Someone who was 18 in 1985 had the death risk of a 50 year old in 2005 by ignoring the rules. About 20% of the people in the original sample died during the study.
Written by Dana Blankenhorn, Inactive

A Norwegian study of almost 5,000 people, conducted over 20 years, has concluded you can cut your life short 12 years by ignoring four simple health rules. (Picture from CBS News.)

Smoking, drinking just 5-7 ounces of pure alcohol per week, eating fruits and veggies fewer than three times a day, and exercising less than two hours per week aged participants an additional 12 years over the course of the study.

Put baldly, someone who was 18 in 1985 had the death risk of a 50 year old in 2005 by ignoring the rules. About 20% of the people in the original sample died during the study.

What makes this an IT story? Your coming electronic health record (EHR) will put these risks in front of you. Population studies counting the cost of your bad habits will grow more refined and easier to do. And the whole point of an EHR is to improve health by changing habits.

The health IT industry, in other words, is being subsidized and justified by the bad habits of the nation. It will be measured based on its success in changing these habits.

You may just say, fine, that's my business. And it is your business. But as with the uninsured factory worker getting basic health care in an emergency room, other people pay for it.

Those thousand people did not go quietly into that good night. Over 430 died from heart trouble, 318 from cancer. Diabetes is not cheap, either. Most American health care costs pay for chronic conditions like these.

"Modest but achievable adjustments to lifestyle behaviors are likely to have a considerable impact," said Dr. Elizabeth Kvaavik, a post-doctoral fellow at the University of Oslo.

Much of the damage, in other words, can be reversed. When I was 35 I had bad back pain, constant headaches, and (it turned out) a deadly cholesterol count due to these bad habits. The changes I made were modest, medication helped, and I feel younger at 55 than I did back then.

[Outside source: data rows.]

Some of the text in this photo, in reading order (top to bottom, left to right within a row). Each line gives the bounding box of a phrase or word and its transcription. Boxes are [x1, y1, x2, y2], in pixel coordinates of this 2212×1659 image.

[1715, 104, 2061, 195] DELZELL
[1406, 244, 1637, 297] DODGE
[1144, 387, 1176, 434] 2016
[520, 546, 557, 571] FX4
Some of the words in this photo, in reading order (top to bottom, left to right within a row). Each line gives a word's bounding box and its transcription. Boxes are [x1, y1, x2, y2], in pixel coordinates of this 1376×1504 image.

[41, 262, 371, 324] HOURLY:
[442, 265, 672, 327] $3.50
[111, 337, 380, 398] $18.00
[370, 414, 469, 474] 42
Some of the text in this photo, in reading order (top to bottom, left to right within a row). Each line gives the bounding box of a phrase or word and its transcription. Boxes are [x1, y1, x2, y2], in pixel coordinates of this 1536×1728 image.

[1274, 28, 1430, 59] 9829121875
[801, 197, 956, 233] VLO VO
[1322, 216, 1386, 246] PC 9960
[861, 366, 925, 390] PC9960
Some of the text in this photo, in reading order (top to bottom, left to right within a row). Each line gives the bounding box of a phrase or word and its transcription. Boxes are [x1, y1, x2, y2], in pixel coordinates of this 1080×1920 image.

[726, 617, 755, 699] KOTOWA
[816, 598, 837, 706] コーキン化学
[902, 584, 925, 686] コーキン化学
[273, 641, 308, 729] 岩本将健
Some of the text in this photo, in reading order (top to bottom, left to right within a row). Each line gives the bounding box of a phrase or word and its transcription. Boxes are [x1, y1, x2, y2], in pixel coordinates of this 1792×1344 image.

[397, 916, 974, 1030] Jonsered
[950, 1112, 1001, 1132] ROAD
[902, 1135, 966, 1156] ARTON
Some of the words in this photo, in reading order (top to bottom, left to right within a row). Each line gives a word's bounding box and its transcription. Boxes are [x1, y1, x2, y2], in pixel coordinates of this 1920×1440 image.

One result of this study is to endorse the "nanny state" attitudes that have proven unpopular in the talkbacks here. Prevention can save your life, but it can also save me money, in lower insurance costs and reduced use of expensive hospital facilities.

Another result is to show that money spent on young people is not wasted. Habits are formed in your 20s, some of which may kill you. Wellness services that reverse these habits more than pay for themselves.

The bottom line is that it pays for me to try and keep you alive.

UPDATE: Wait, there's more. A CDC study shows 45% of us have some expensive, chronic health problem - cholesterol, blood pressure, or diabetes. And one in seven of us don't even know.